WHAT YOU SHOULD DO →
Restate each entry exactly, without pictures.
Top of DATA PROVIDED
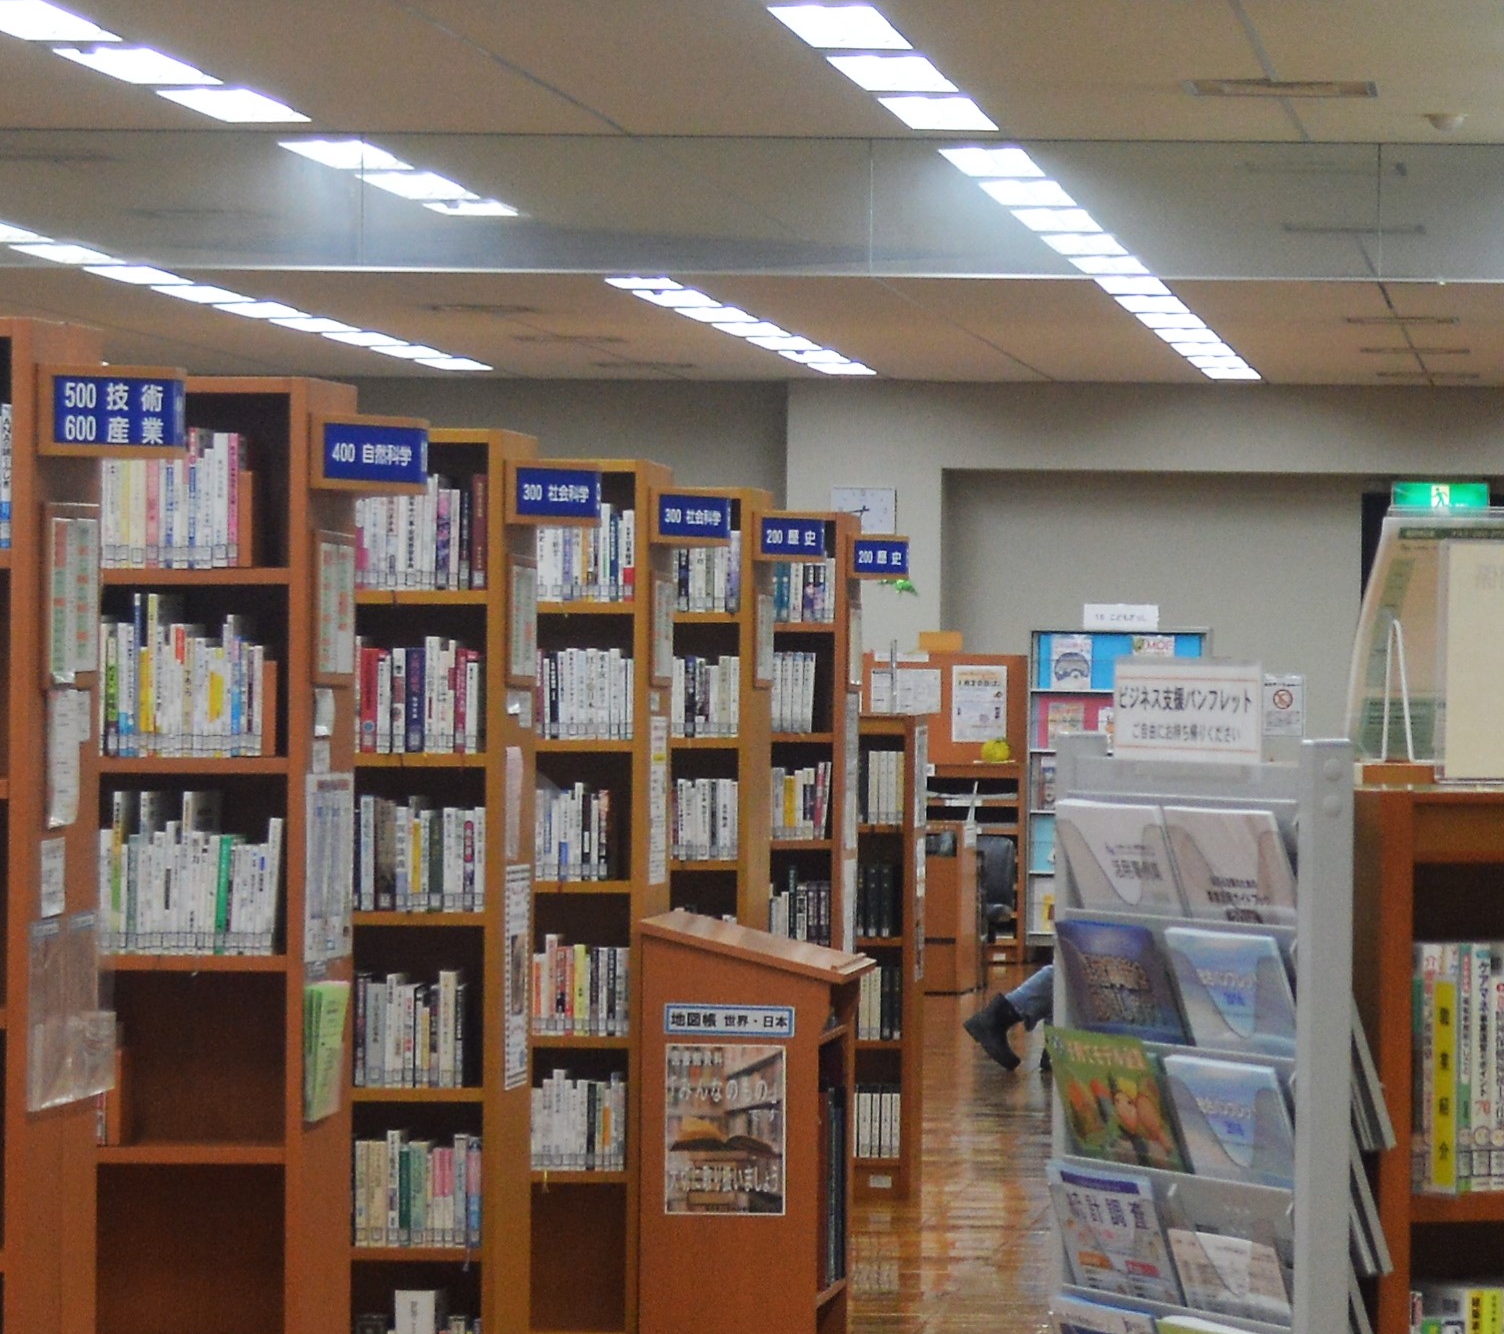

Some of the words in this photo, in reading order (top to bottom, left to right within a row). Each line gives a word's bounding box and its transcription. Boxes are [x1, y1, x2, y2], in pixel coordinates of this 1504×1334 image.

[65, 382, 97, 409] 500
[106, 382, 164, 412] 技術
[64, 415, 97, 442] 600
[106, 416, 164, 445] 産業
[331, 443, 357, 463] 400
[361, 444, 412, 466] 自然科学
[523, 484, 544, 501] 300
[548, 484, 590, 504] 社会科学
[663, 508, 683, 524] 300
[686, 508, 722, 527] 社会科学
[766, 529, 785, 545] 200
[858, 550, 875, 565] 200
[1118, 686, 1253, 714] ビジネス支援パンフレット
[670, 1012, 718, 1028] 地図帳
[723, 1013, 789, 1030] 世界・日本
Bottom of DATA PROVIDED
RESULT FOR THIS EXERCISE →
Some of the words in this photo, in reading order (top to bottom, left to right within a row). Each line gives a word's bounding box and its transcription. Boxes are [x1, y1, x2, y2], in pixel coordinates of this 1504×1334 image.

[65, 382, 97, 409] 500
[106, 382, 164, 412] 技術
[64, 415, 97, 442] 600
[106, 416, 164, 445] 産業
[331, 443, 357, 463] 400
[361, 444, 412, 466] 自然科学
[523, 484, 544, 501] 300
[548, 484, 590, 504] 社会科学
[663, 508, 683, 524] 300
[686, 508, 722, 527] 社会科学
[766, 529, 785, 545] 200
[858, 550, 875, 565] 200
[1118, 686, 1253, 714] ビジネス支援パンフレット
[670, 1012, 718, 1028] 地図帳
[723, 1013, 789, 1030] 世界・日本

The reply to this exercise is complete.